To support their theft of almost all of Ngāti
Kahu’s lands before 1865, the British Crown and immigrants used sanitised
terms like – “pre-Treaty
transactions[1]”
or “old
land claims[2]”,
“surplus
lands[3]”,
“Crown
grants[4]”,
“scrip[5]”,
“waste
lands[6]”,
and “Crown
purchases[7]”.
But those were all just flash names for
theft. They would only not have
been theft if our ancestors had discussed and signed something called the Treaty
of Waitangi in 1840.
That document, written in English, stated that the
rangatira had ceded their sovereignty to the Queen of England – a notion that
is as inconceivable in human behavioural terms as it is wrong in factual terms.
Our ancestors signed only one treaty, Te Tiriti o
Waitangi written in the Māori language. They neither read nor signed an
English language document.
Yet certain British immigrants and their successors
from that day to this have used the fraudulent Treaty of Waitangi document to
justify stealing Ngāti Kahu lands, resources and power.

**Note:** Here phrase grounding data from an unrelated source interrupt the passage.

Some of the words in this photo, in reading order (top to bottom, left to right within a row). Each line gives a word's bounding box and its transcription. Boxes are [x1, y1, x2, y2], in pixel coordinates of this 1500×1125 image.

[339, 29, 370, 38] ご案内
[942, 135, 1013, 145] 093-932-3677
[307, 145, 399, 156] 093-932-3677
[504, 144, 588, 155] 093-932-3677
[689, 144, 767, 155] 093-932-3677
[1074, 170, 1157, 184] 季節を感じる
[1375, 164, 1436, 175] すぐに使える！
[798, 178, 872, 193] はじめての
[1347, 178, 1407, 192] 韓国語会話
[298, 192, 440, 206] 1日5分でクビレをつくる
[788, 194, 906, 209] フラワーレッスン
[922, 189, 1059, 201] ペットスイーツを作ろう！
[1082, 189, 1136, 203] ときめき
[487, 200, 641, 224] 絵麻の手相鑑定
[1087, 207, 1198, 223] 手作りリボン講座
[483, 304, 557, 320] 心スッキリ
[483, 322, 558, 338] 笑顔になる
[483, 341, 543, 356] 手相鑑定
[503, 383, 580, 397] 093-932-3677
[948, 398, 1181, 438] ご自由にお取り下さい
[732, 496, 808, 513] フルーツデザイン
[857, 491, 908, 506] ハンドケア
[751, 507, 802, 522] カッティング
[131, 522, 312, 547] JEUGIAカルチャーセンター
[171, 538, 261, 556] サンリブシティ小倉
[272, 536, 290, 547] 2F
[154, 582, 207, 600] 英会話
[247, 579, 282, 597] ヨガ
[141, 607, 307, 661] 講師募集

They even inserted it into Government legislation via the
Treaty
of Waitangi Act 1975 where the Waitangi Tribunal is
given the impossible
task of trying to reconcile it with the authentic treaty.
Its most recent use is in many Deeds of Settlement
drawn up by Government bureaucrats who have inserted the odd phrase “Te Tiriti
o Waitangi/The Treaty of Waitangi”, as if the two documents were either similar
or were translations of each other. They are neither.

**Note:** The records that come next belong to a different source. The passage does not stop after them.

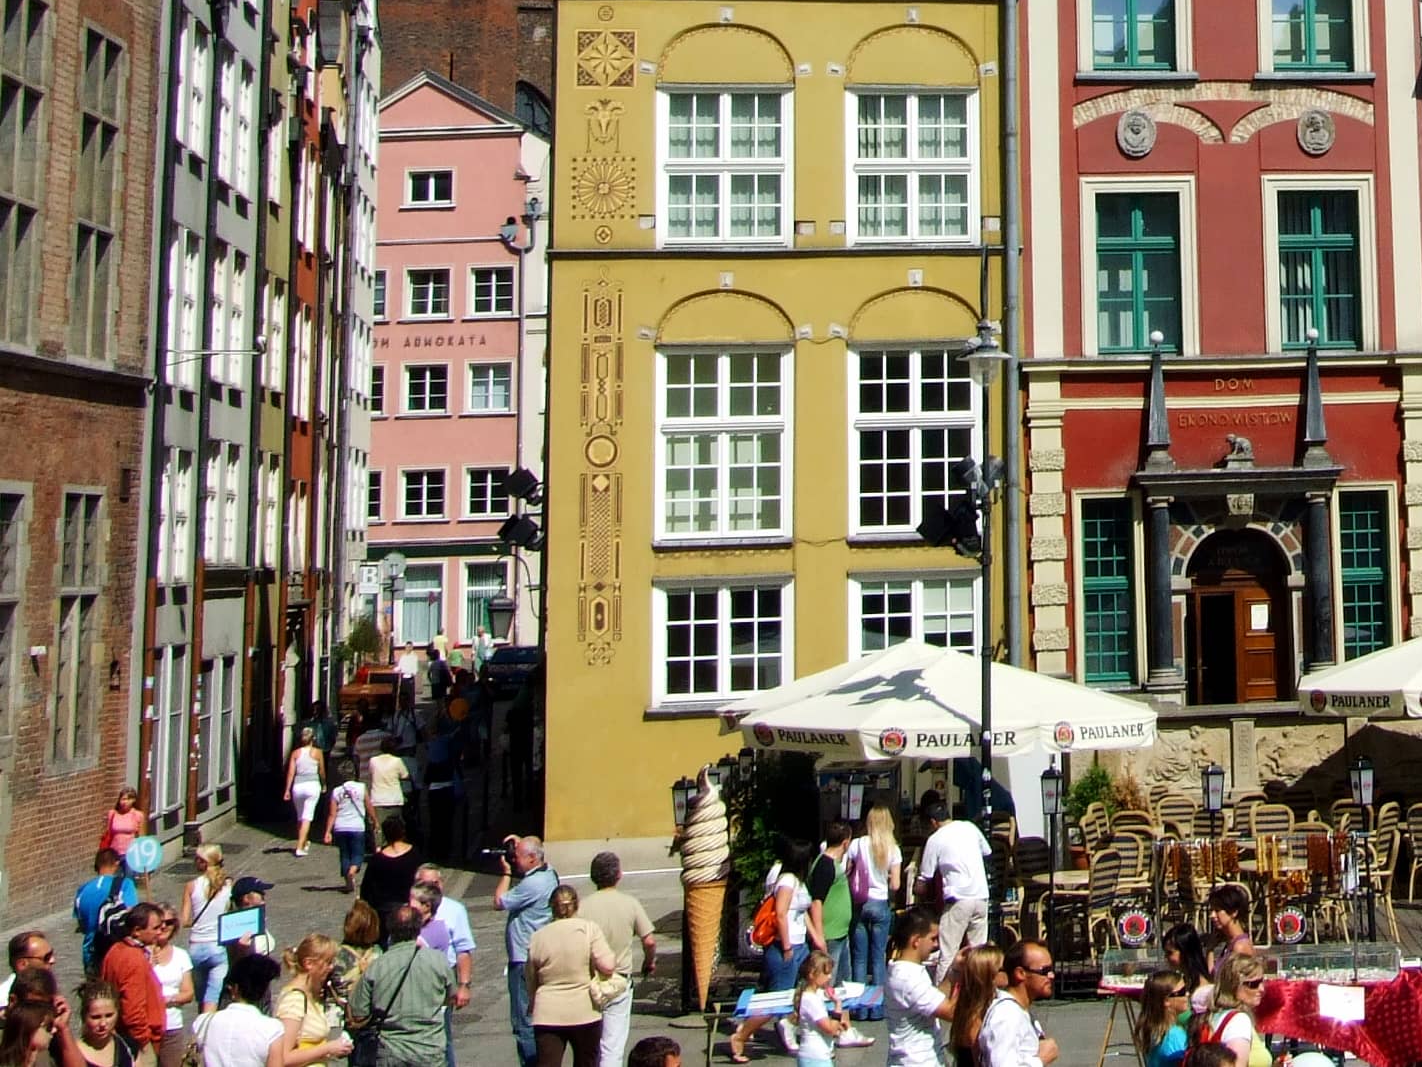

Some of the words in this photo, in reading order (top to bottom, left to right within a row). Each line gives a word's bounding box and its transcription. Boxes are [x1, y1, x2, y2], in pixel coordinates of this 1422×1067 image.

[1215, 378, 1254, 391] DOM
[1331, 694, 1391, 708] PAULANER
[777, 729, 850, 746] PAULANER
[916, 731, 1017, 748] PAULAER
[1080, 722, 1145, 740] PAULANER
[129, 839, 157, 866] 19

Te Tiriti o Waitangi is a treaty of peace and
friendship between two sovereign nations and a solemn agreement between our
rangatira and the Queen of England. The Treaty of Waitangi reflects the desire
of certain immigrants and their Governments to take control of a country that
is not theirs.
Immigrants whom we welcomed into our territories and who then stole from us, also tried to drive us out and reduce us to perpetual servitude,
slavery, poverty, deprivation and marginalisation in our own country.
As just one example of this, in 1843 their Godfrey
Commission awarded 16,199 acres of our lands to just six Europeans, and a
further 15,966 acres as “surplus lands” to the Crown. That same Commission “gave” several hundred
unnamed Maori title over just 446 acres.
More than 32,000
acres stolen in one move[8]; Whakaangi, Taemaro,
Mangonui, Mangatete, Ohotu, Waiokai, Okiore, Kaitaia, Kerekere, Awanui,
Pukepoto, Otararau (including Tangonge), Parapara, Tapuirau, Te Mata, Wharo,
Matako, Kaimaumau, most of the Oruru Valley, and parts of the Karikari
Peninsula.
Further thefts followed and many of our whānau were forced
to leave[9]
their ancestral homes in order to survive.

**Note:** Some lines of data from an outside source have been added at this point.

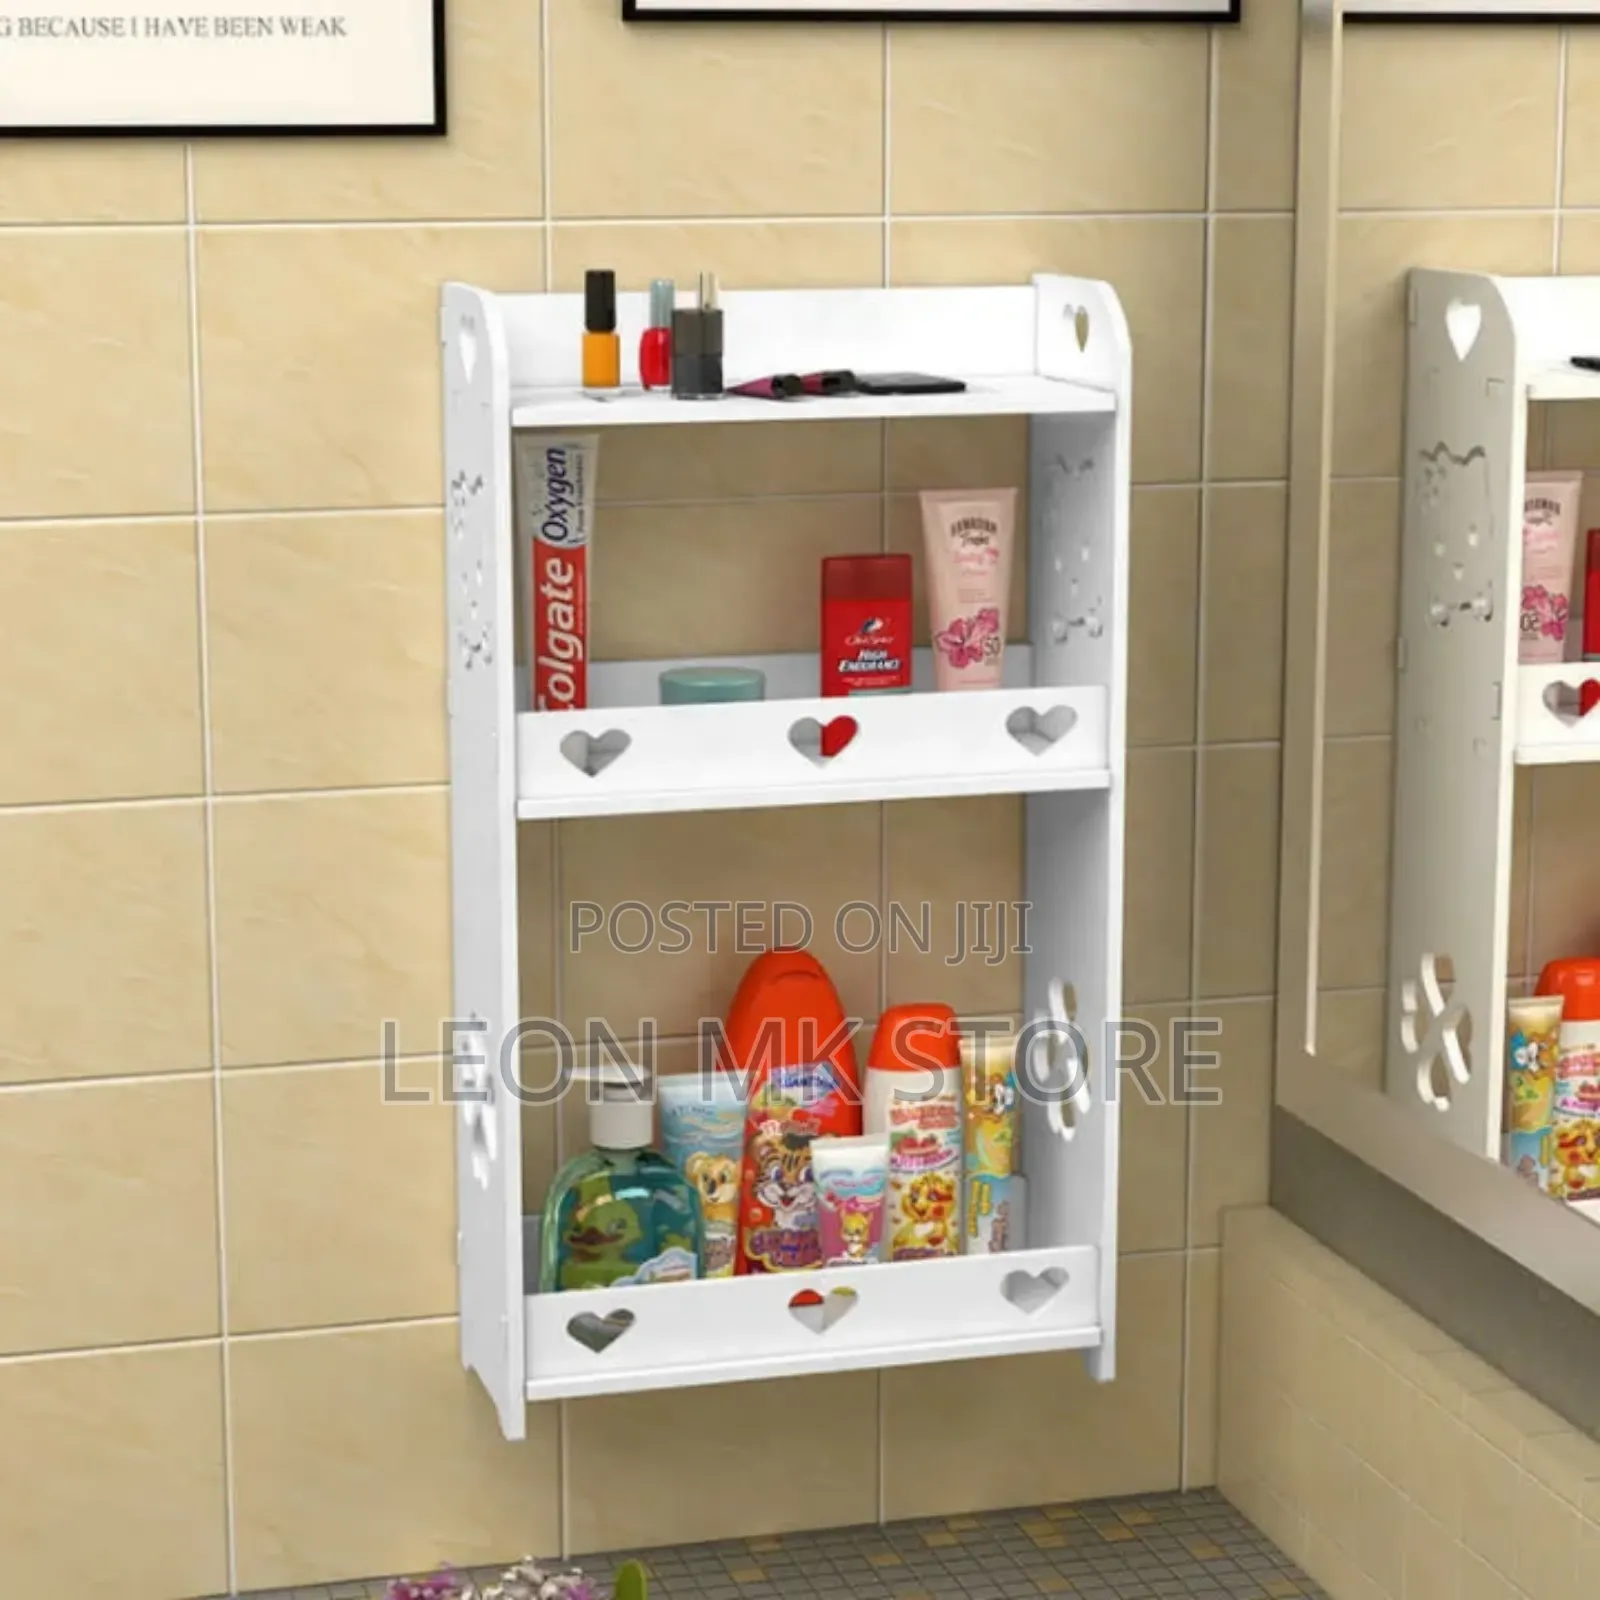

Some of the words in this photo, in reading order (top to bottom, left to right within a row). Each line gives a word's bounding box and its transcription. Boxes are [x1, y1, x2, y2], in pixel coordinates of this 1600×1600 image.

[18, 15, 126, 38] BECAUSE
[131, 15, 138, 38] I
[144, 15, 209, 38] HAVE
[214, 15, 273, 38] BEEN
[280, 15, 348, 37] WEAK
[541, 448, 575, 541] Oxygen

But a number braved hostile conditions to keep a
constant Ngāti Kahu presence[10] in our territories and to
keep alive our tikanga and the kaupapa laid down by our ancestors.
Five
generations of Ngāti Kahu have now sought to stop the lawlessness of those
immigrants and their successors, drawing on both our legal system and theirs.
My generation
have already trained our successors.
They know that whatever the thieves call it, theft by
any other name is still theft.
[1] Beyond Biculturalism: The
Politics of an Indigenous Minority, by Dominic O’Sullivan, p.63
[2] Invisible
Sight, by Angela Wanhalla, ch. 5 pp. 94 – 106
[3] O’Sullivan,
p. 63
[4] Ibid.
ch1, pp. 23 – 24
[5] The
Legacy of Guilt: A Life of Thomas Kendall, by Judith Binney and Thomas Kendall,
Appendix 3, p. 190
[6] Buying the Land, Selling
the Land: Governments and Maori Land in the North, by Richard Boast, ch 1, pp 25
– 26
[7] O’Sullivan,
p.63
[8] Muriwhenua
Land Report, 1997 by the Waitangi Tribunal, ch. 5, pp. 141 – 178.
[9]
Muriwhenua Land Report, ch. 10, pp.327 – 383.
[10]The
Muriwhenua Land Claims Post 1865, by Dame Evelyn Stokes.